Purification and characterization of a ferredoxin from Rhizobium japonicum bacteroids.

An eight-iron, eight-sulfur ferredoxin from Rhizobium japonicum bacteroids of soybean root nodules has been purified to apparent homogeneity as judged by disc gel electrophoresis. The purification procedure included chromatography on DEAE-cellulose, Bio-Gel P-60, and hydroxylapatite. Specific activities of several purified preparations of bacteroid ferredoxin ranged from 1700 to 1900 nmol of C2H4 produced . min-1 . mg-1 in the reaction mediating electron transfer between illuminated chloroplasts and bacteroid nitrogenase. A molecular weight of 6740 for the protein was determined by low speed sedimentation equilibrium and a molecular weight of 6500 was estimated from the mobility of bacteroid ferredoxin relative to the mobility of standard proteins during sodium dodecyl sulfate disc gel electrophoresis. All of the common amino acids were present except arginine, methionine, and tryptophan. The absorbance spectrum of the oxidized protein exhibited maxima at 285 nm and 380 nm with a shoulder near 305 nm.

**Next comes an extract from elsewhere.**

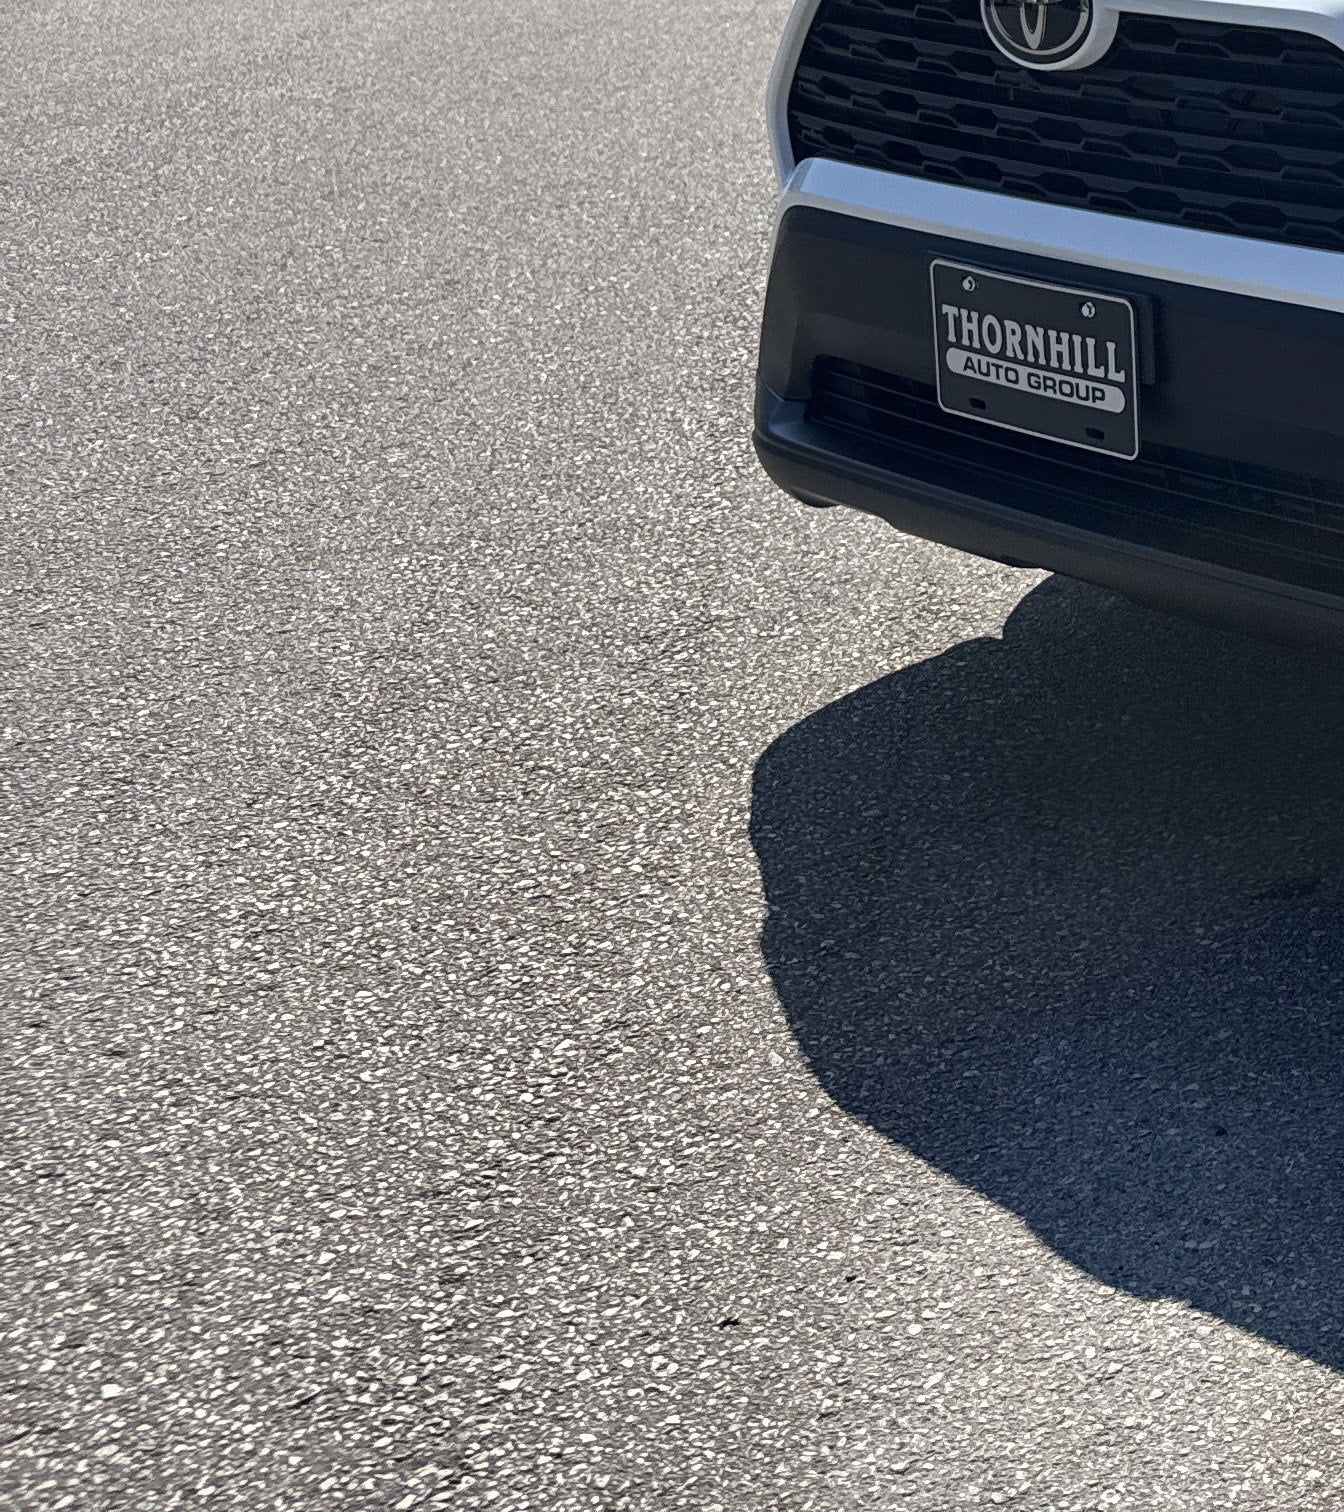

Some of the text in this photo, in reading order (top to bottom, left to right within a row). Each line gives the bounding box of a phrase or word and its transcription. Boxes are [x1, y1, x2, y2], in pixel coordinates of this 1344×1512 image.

[942, 303, 1125, 382] THORNHILL
[963, 355, 1106, 403] AUTO GROUP
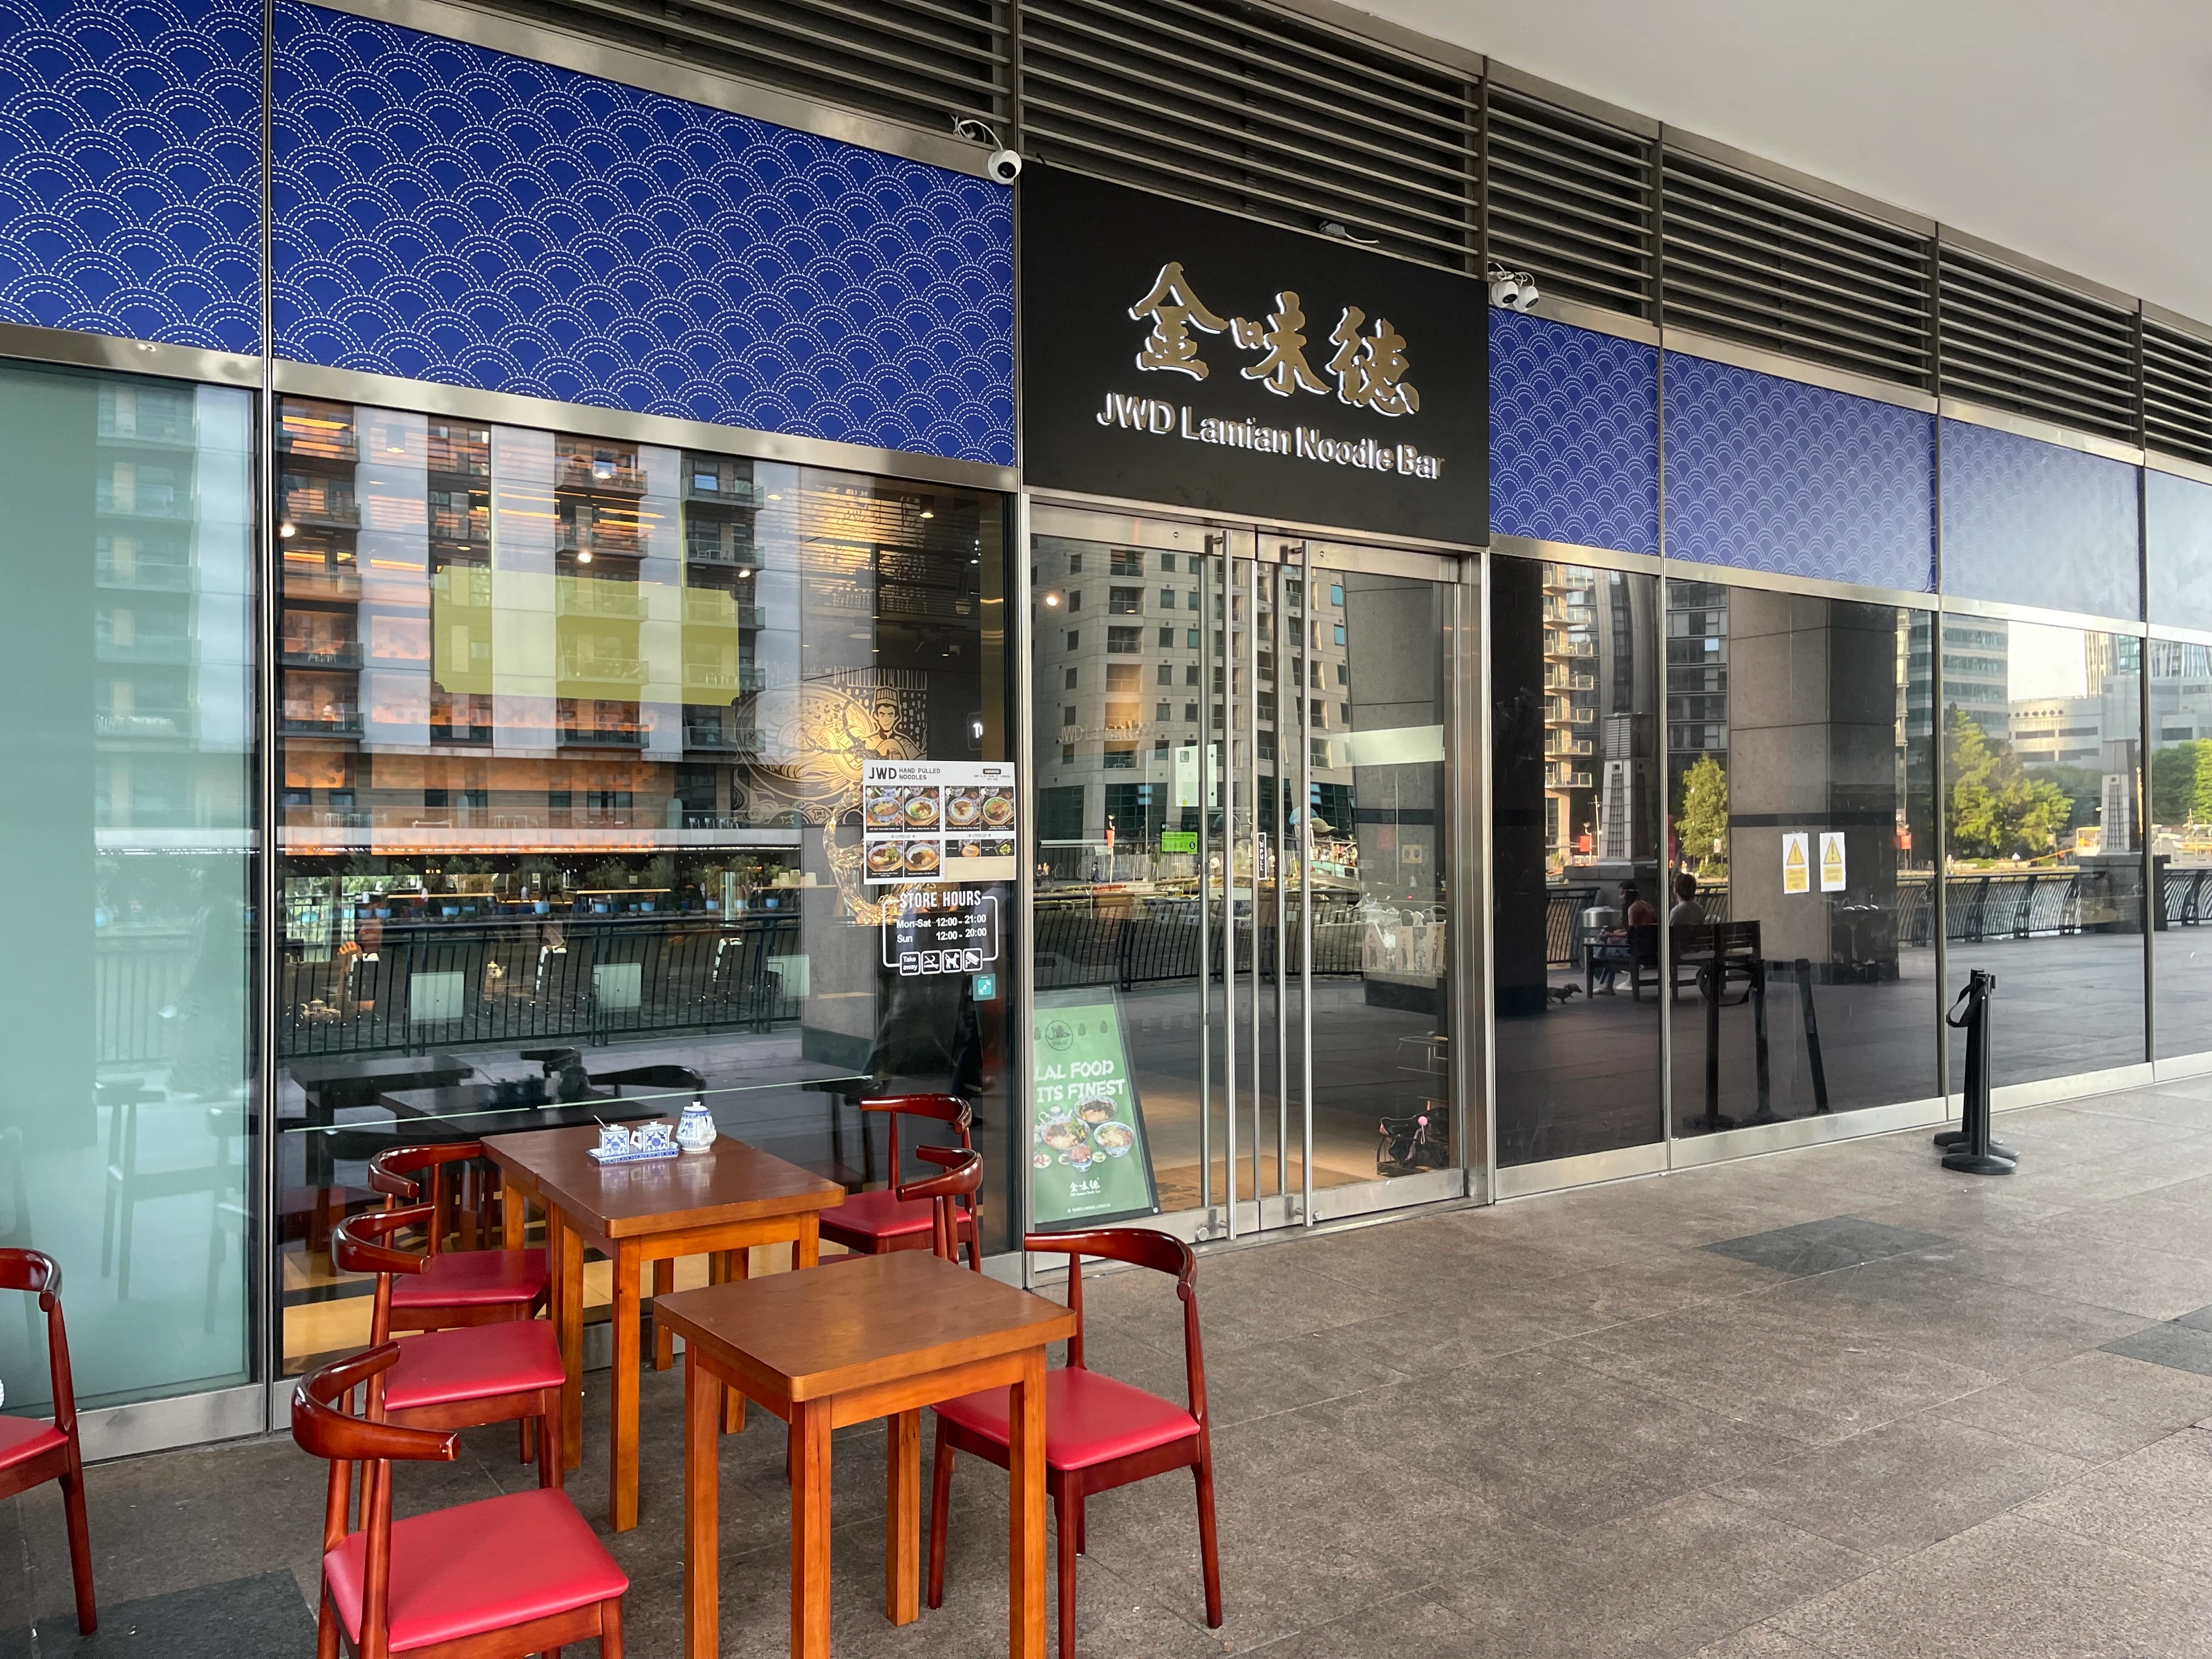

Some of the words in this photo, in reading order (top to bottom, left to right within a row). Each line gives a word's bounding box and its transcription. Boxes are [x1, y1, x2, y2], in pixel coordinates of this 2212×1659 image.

The A380/A285 ratio was 0.76 and the extinction coefficient at 380 nm for the oxidized protein was found to be 30,800 M-1. Equilibration of bacteroid ferredoxin with methyl viologen at various potentials revealed a midpoint oxidation-reduction potential of -484 mV. Spectrophotometric examination of iron-sulfur clusters extruded from bacteroid ferredoxin with benzenethiol and the transfer of its iron-sulfur clusters to other ferredoxins established the presence of two [4Fe-4S] clusters in a molecule of bacteroid ferredoxin. The EPR spectrum of oxidized ferredoxin consisted of a small signal at g = 2.02 integrating to 0.19 spin/molecule. The EPR spectrum of ferredoxin reduced with 5-deazaflavin exhibited a signal with features at g values of 1.88, 1.94, 2.01, and 2.07, and integrated to 1.7 spins/molecule. The EPR properties of bacteroid ferredoxin are characteristic of a ferredoxin operating between the 1+ and 2+ oxidation levels. Bacteroid ferredoxin mediated electron transfer to clostridial hydrogenase, but was not reduced by the clostridial phosphoroclastic system in the presence of pyruvate. Bacteroid ferredoxin reduced by illuminated 5-deazariboflavin also supported a high rate of C2H2 reduction by bacteroid nitrogenase which was free of Na2S2O4. It was concluded, on this basis, that bacteroid ferredoxin has the capability of functioning as the electron donor for nitrogenase in R. japonicum.